[YOUR INSTRUCTIONS]
Print each record below precisely, with every picture left out of the copy.
DATA EXCERPTS Start Marker
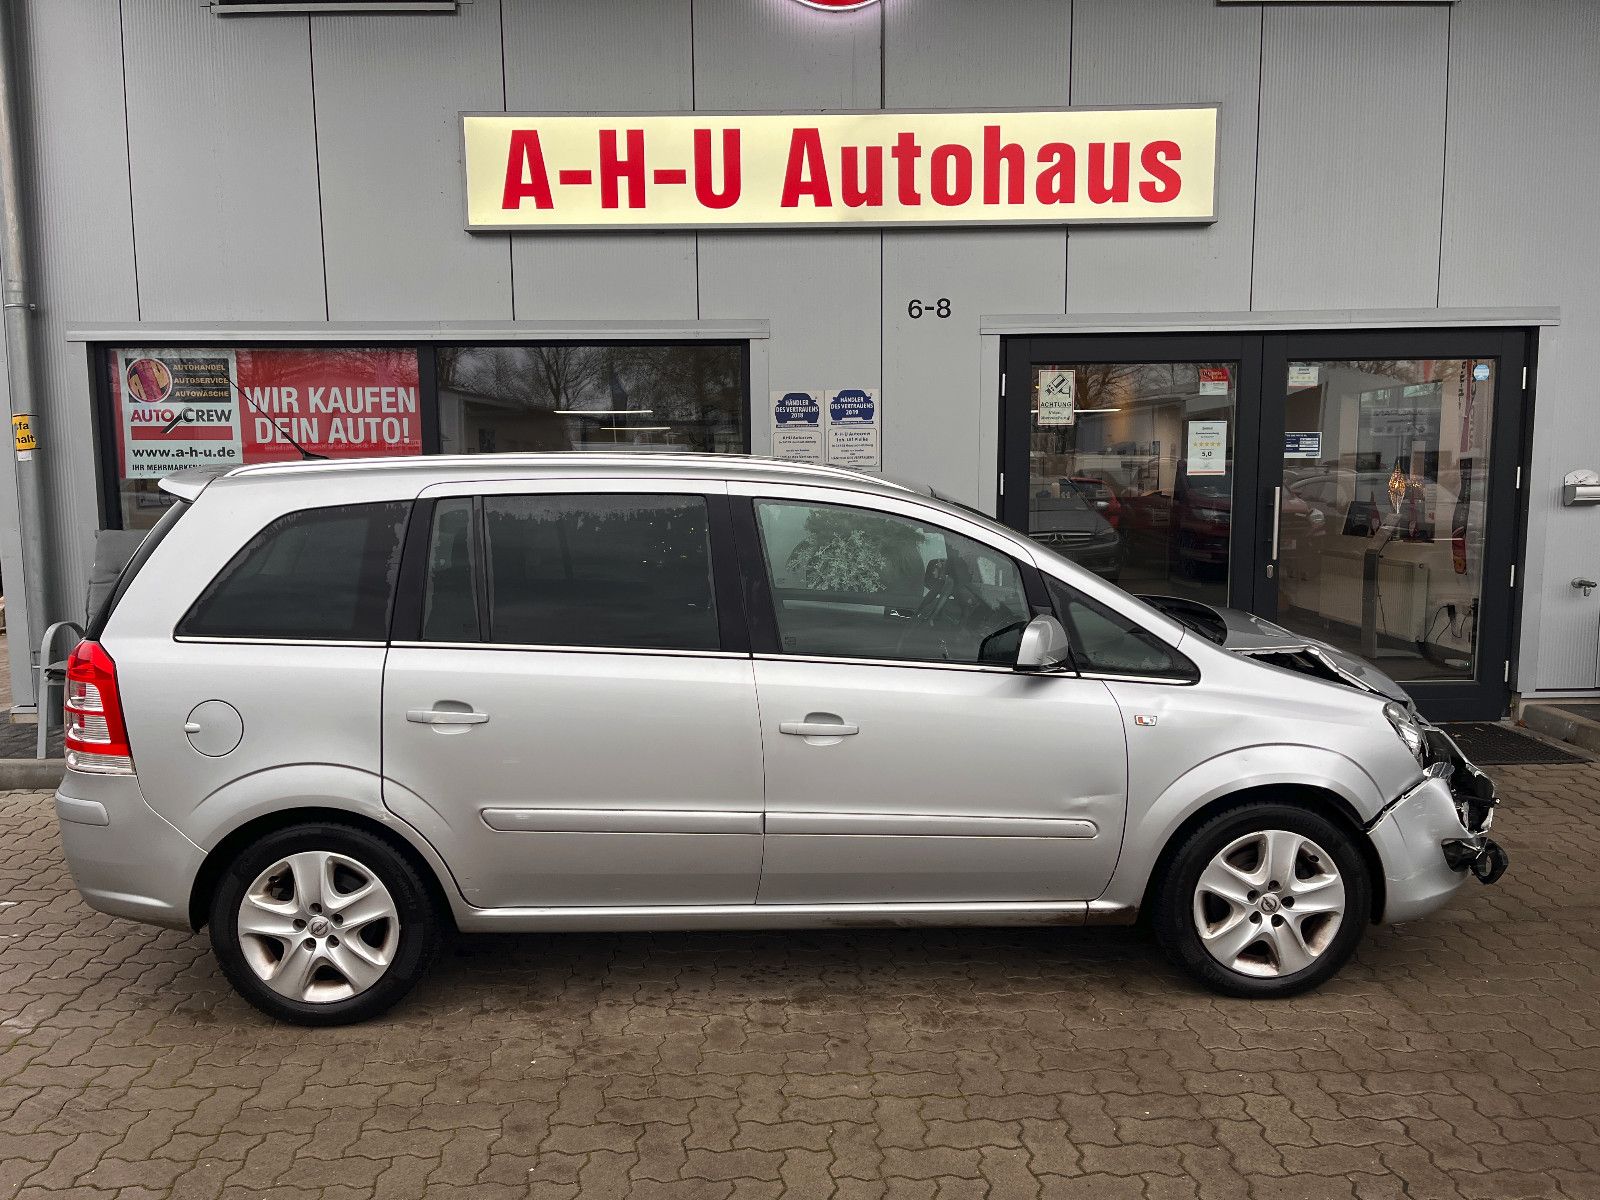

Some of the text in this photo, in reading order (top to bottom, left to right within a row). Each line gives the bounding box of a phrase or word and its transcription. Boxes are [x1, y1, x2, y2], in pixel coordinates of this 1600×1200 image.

[502, 125, 1183, 209] A-H-U Autohaus
[907, 298, 952, 320] 6-8
[244, 386, 416, 413] WIR KAUFEN
[254, 417, 410, 444] DEIN AUTO!
[132, 446, 236, 458] www.a-h-u.de
DATA EXCERPTS End Marker
[RESULT]
Some of the text in this photo, in reading order (top to bottom, left to right within a row). Each line gives the bounding box of a phrase or word and its transcription. Boxes are [x1, y1, x2, y2], in pixel coordinates of this 1600×1200 image.

[502, 125, 1183, 209] A-H-U Autohaus
[907, 298, 952, 320] 6-8
[244, 386, 416, 413] WIR KAUFEN
[254, 417, 410, 444] DEIN AUTO!
[132, 446, 236, 458] www.a-h-u.de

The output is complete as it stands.